Allies are individuals or groups who join together to support and defend each other. They work together towards a common cause or goal, offering assistance and backing.

  • For instance, countries in an alliance are considered allies.
  • In a social movement, different organizations might come together as allies.
  • A person might say, “Thank you to all my allies who have stood by me.”

13. Tribe

This term refers to a group of people who share a strong sense of identity or common interests. They often have a deep connection and support each other like a family.

  • For example, a group of friends who have known each other since childhood might call themselves a tribe.
  • In a subculture or community, members might use tribe to describe their group.
  • A person might say, “I found my tribe at the local art collective.”

14. Fam

Fam is a shortened version of the word “family” and is used to describe close friends or a group of people who are like family. It signifies a strong bond and deep connection with those individuals.

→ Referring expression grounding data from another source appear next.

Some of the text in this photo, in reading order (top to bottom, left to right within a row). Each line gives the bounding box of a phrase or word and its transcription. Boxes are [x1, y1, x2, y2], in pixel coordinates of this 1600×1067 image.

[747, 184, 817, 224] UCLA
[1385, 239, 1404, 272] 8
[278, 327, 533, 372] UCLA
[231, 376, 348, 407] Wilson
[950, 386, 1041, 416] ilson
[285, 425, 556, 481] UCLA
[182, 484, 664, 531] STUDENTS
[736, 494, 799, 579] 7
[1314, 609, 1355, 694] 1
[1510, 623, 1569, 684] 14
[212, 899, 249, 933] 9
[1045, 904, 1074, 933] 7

  • For instance, a group of friends who have been through thick and thin together might refer to each other as fam.
  • In online communities, users might use fam to address their followers or supporters.
  • A person might say, “I’m grateful for my fam who always has my back.”

15. Besties

Besties is a term used to describe one’s closest and most trusted friends. These are the people with whom one shares a deep bond and can rely on for support and companionship.

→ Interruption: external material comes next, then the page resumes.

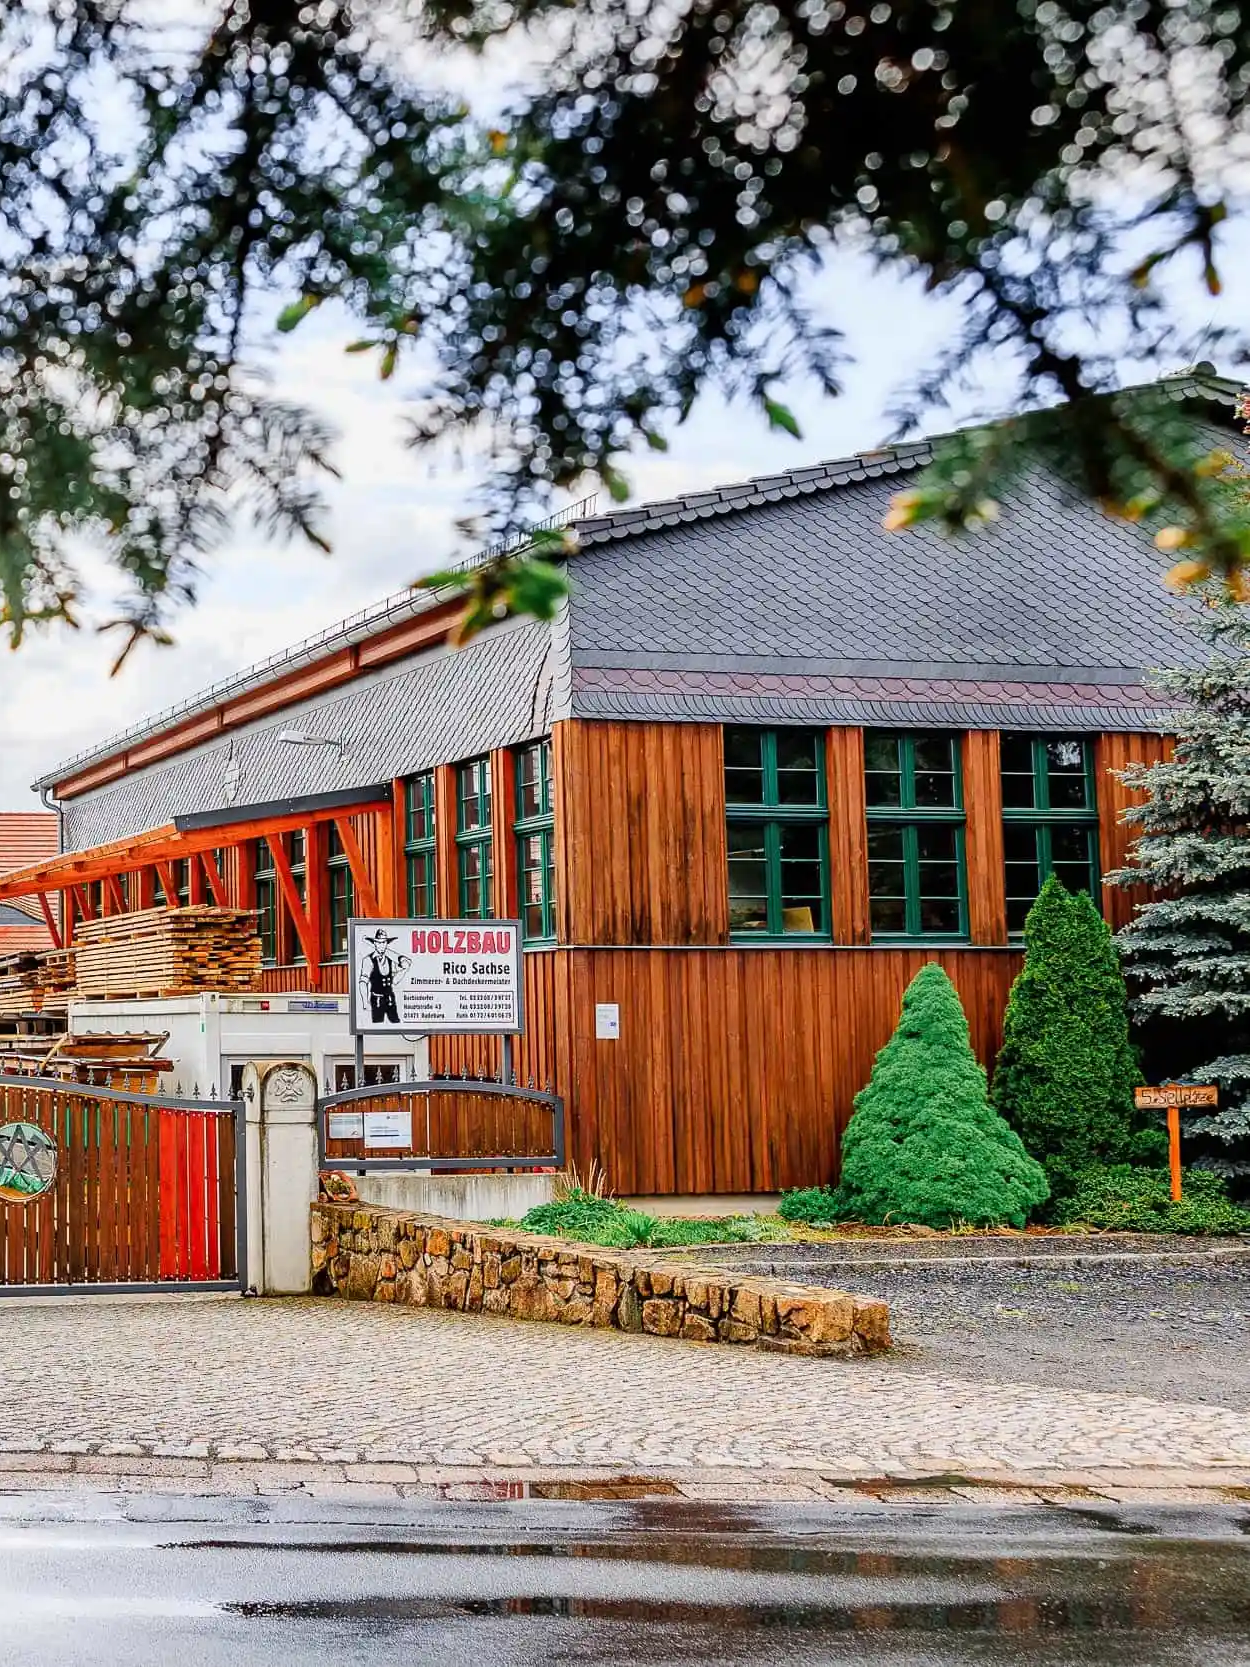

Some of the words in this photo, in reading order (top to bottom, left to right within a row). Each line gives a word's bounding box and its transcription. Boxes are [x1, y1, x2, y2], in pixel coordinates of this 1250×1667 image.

[411, 930, 511, 954] HOLZBAU
[443, 961, 467, 975] Rico
[471, 961, 511, 974] Sachse
[452, 977, 511, 985] Dachdeckermeister

  • For example, two friends who have been inseparable since childhood might call each other besties.
  • In a group of friends, there might be a designated pair known as the besties.
  • A person might say, “I’m going out for brunch with my besties this weekend.”

16. Sidekick

This term refers to a person who accompanies or assists someone, often in a supportive role. It can also be used in a more lighthearted or playful sense.

  • For example, in superhero stories, the sidekick is the hero’s loyal and trusted companion, such as Batman and Robin.
  • In a group of friends, someone might jokingly say, “I’m the sidekick to their superhero.”
  • A person might introduce their close friend as their sidekick, saying, “This is my sidekick, always there for me.”

17. Wingman

A wingman is someone who assists or supports another person, especially in social situations such as dating or going out to bars or clubs. The term comes from the idea of a pilot’s wingman, who provides backup and support during a mission.

  • For instance, if someone is trying to approach someone they’re interested in at a party, their friend might act as their wingman, helping to create a favorable impression.
  • A person might say, “I need a wingman tonight to help me meet new people.”
  • In a discussion about dating strategies, someone might advise, “Having a wingman can boost your confidence and make approaching others easier.”

18. Confidant(e)

A confidant is someone with whom one shares personal and private thoughts, feelings, and secrets. It is a term that highlights trust and deep connection.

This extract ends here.